In a medical consultation, a patient would first describe the injury or symptoms, followed by a medical examination. The doctor would then make a diagnosis and prescribe the medication. Either the doctor would suggest a follow up or the patient would have recovered.
Turns out that Financial Planning works pretty much the same way. Here’s a quick side by side analysis:
The 7 Steps to Financial Nirvana (or close to it)
1) Mutual Introduction (Adviser & Client: 1 to 2 hours)
In this first meeting, both the client and the adviser would share more about themselves. The client would describe his concerns, goals & objectives while the adviser would explain how he works with clients and the necessary disclosures.
(Editor: At this stage, it is best to know if you are willing to be completely open with the adviser – they can only do their best work if they have all the information. Same as with describing your symptoms to any doctor, you shouldn’t leave anything out)
2) Financial Situation Analysis (Adviser: 1 to 2 hours or more depending on existing plans)
At this stage, client would provide information about his current financial situation and existing plans. The quality of advice depends on the information given by the client.
Whether the client’s objective is insurance planning, retirement planning or investment planning, the adviser will get to understand the client better with inputs from the client. Advisers are not mind readers! The client’s existing plans are also reviewed and analyzed together with the client’s overall situation.
3) Benchmarks & Guidelines (Adviser: 1 to 2 hours)
Steps 3 and 4 are the parts that clients don’t see, yet require the most work. The client’s financial position and goals are compared with international or local benchmarks and guidelines for planning. The adviser might also use proprietary models and financial software to evaluate the gap between the client’s current situation and his goals.

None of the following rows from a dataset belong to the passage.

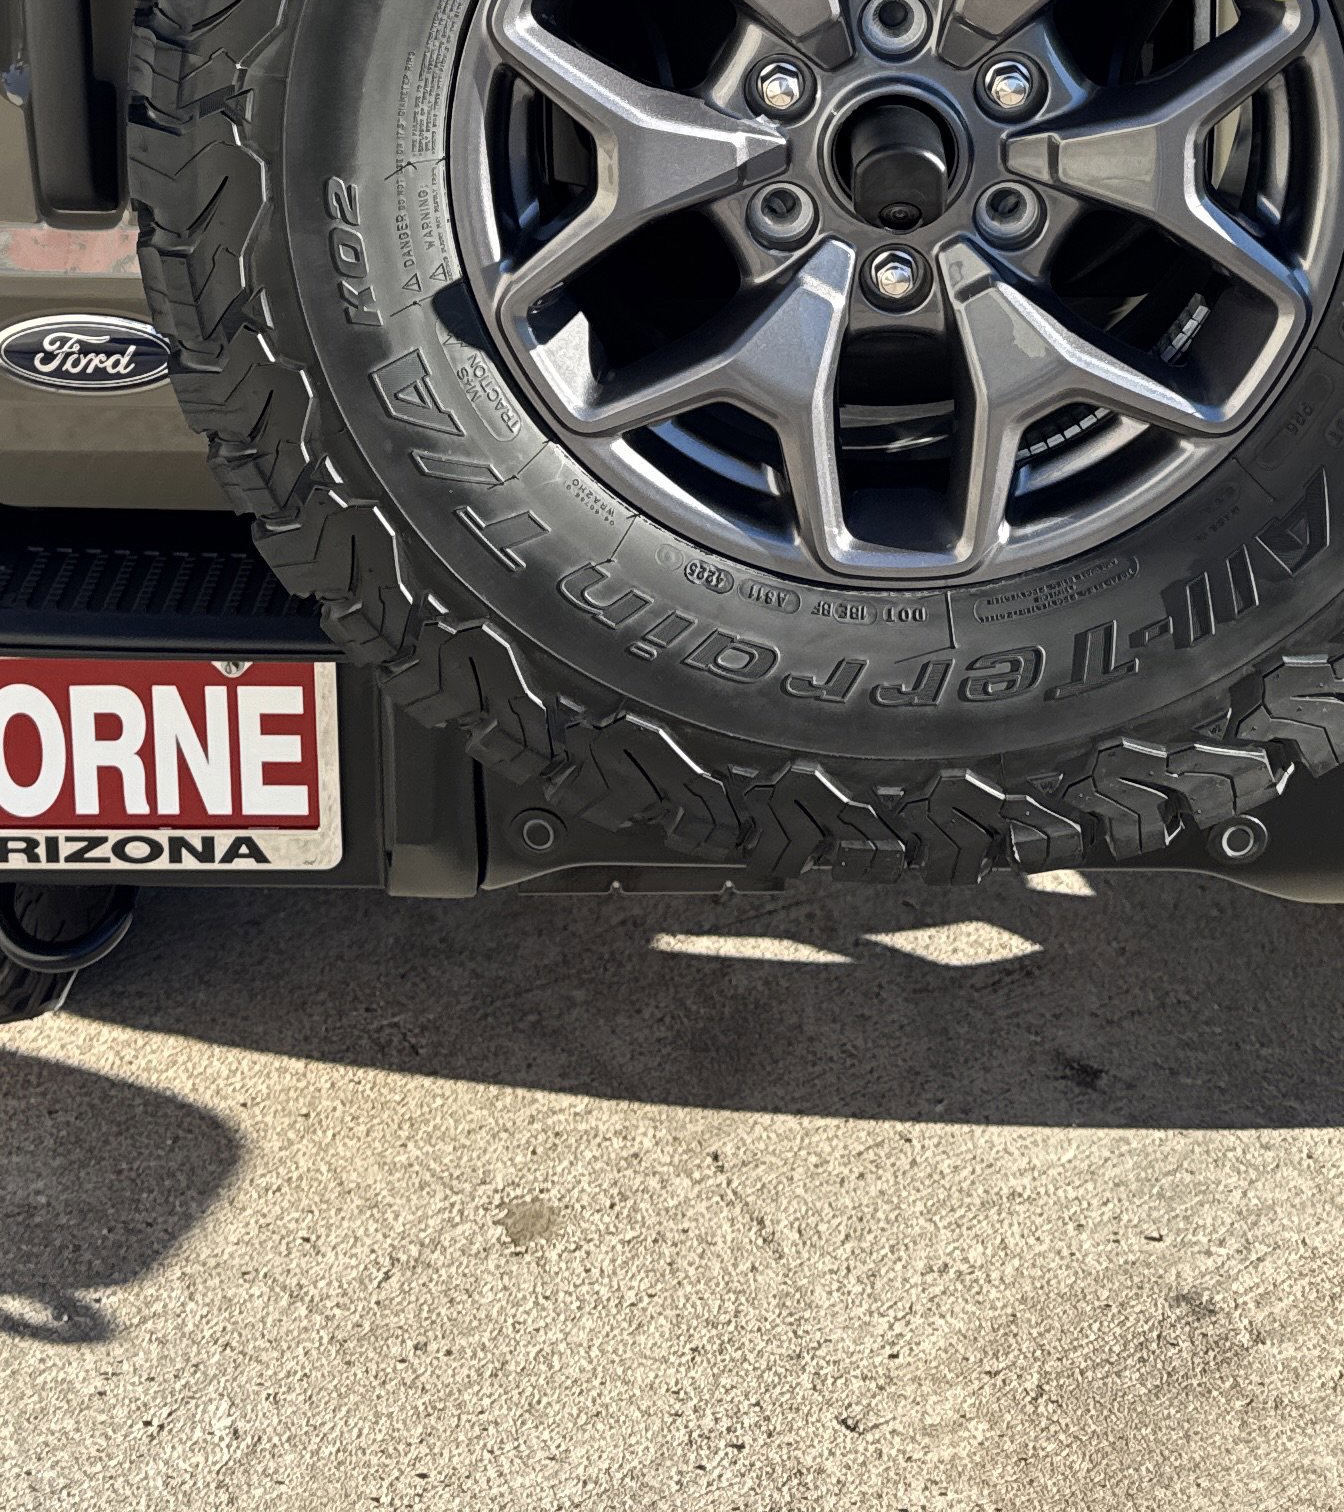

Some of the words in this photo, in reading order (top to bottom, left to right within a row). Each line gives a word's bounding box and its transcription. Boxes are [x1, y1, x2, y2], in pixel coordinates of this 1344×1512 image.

[325, 175, 385, 326] KO2
[395, 213, 416, 270] DANGER
[34, 332, 136, 376] Ford
[466, 351, 521, 434] TRACTION
[368, 348, 553, 573] T/A
[559, 464, 1330, 709] All-Terrain
[881, 604, 929, 624] DOT

(Editor: Regardless of how the final numbers are obtained, it is important you understand them as a consumer – along with any of the key assumptions made)

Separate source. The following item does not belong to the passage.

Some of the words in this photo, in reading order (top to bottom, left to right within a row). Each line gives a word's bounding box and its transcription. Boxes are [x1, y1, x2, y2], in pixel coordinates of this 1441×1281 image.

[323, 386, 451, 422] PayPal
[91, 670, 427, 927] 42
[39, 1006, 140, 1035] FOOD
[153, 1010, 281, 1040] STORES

4) Strategies & Solutions (Adviser: 2 to 4 hours)
The adviser starts to customize several strategies based on the client’s age, life stage, financial background and time horizon. They may also include budget and investment allocation.
A variety of products are then selected to build a portfolio for insurance or investment. Before the products are chosen, comparisons of similar products from different providers are done to find the most efficient and effective solutions.
5) Suggesting Informed Decisions (Adviser & Client: 1 to 3 hours)
Financial advisory is about helping clients to make a prudent decision and this inevitably involves some form of education to empower the client with financial wisdom.
The adviser would explain the whys and the hows and go through every option including the pros and cons with the client. After understanding and clarifying the different solutions, the client would have the choice to select and adjust the final strategy based on his preferences.
6) Implementation (Adviser & Client: 1 to 3 hours)
When all’s said – its time to roll up the sleeves and get to work.
Once the client has decided on the course of action, the adviser will assist the client with the tedious and occasionally mind-boggling administrative procedures, which include applications, appeals and amendments.
The implementation duration may range from several days for investment execution to several months for medical (and possibly financial) underwriting.
7) Follow Up
The old paradigm is that when you buy a product from an adviser, you expect the adviser to serve you for the rest of his (or your) life. As you can see, a good adviser does a lot of work.
The graceful swan you see on the lake is paddling hard underwater! The basic service to demand for insurance is claims support. For investments, the monitoring and management may be done by the adviser, financial institute or the client depending on the arrangement.
For fee-based advisers, there are two choices: one-time advice or continuous advice. Instead of buying financial products, sometimes randomly, to fulfil a specific purpose, prudent clients may prefer to enhance their overall wealth in a more disciplined and holistic manner.
Rome was not built in a day. It is not possible for the adviser to impart everything you need to know in a few sessions. By retaining a professional relationship with the right adviser over time, the adviser would understand you better in terms of financial habits (good and bad), investing style (reckless or overly conservative) and your personal mindset on money, which could be holding you back in protecting or enhancing your assets.
With a dedicated service, you can gain insights into your personal finance tailored to you. This is offered through a retainer to coach, educate and advise you on a quarterly, half yearly or yearly basis.
All in All
The whole advisory process takes about 3 to 4 meetings to complete.
On average, the adviser takes a total of 7 to 16 hours to finish the job – and that is a lot of coffee needed!
Still, the purpose of highlighting these steps is to provide a good overview of the actual amount of work and planning required for Financial planning, which should never be a rushed job.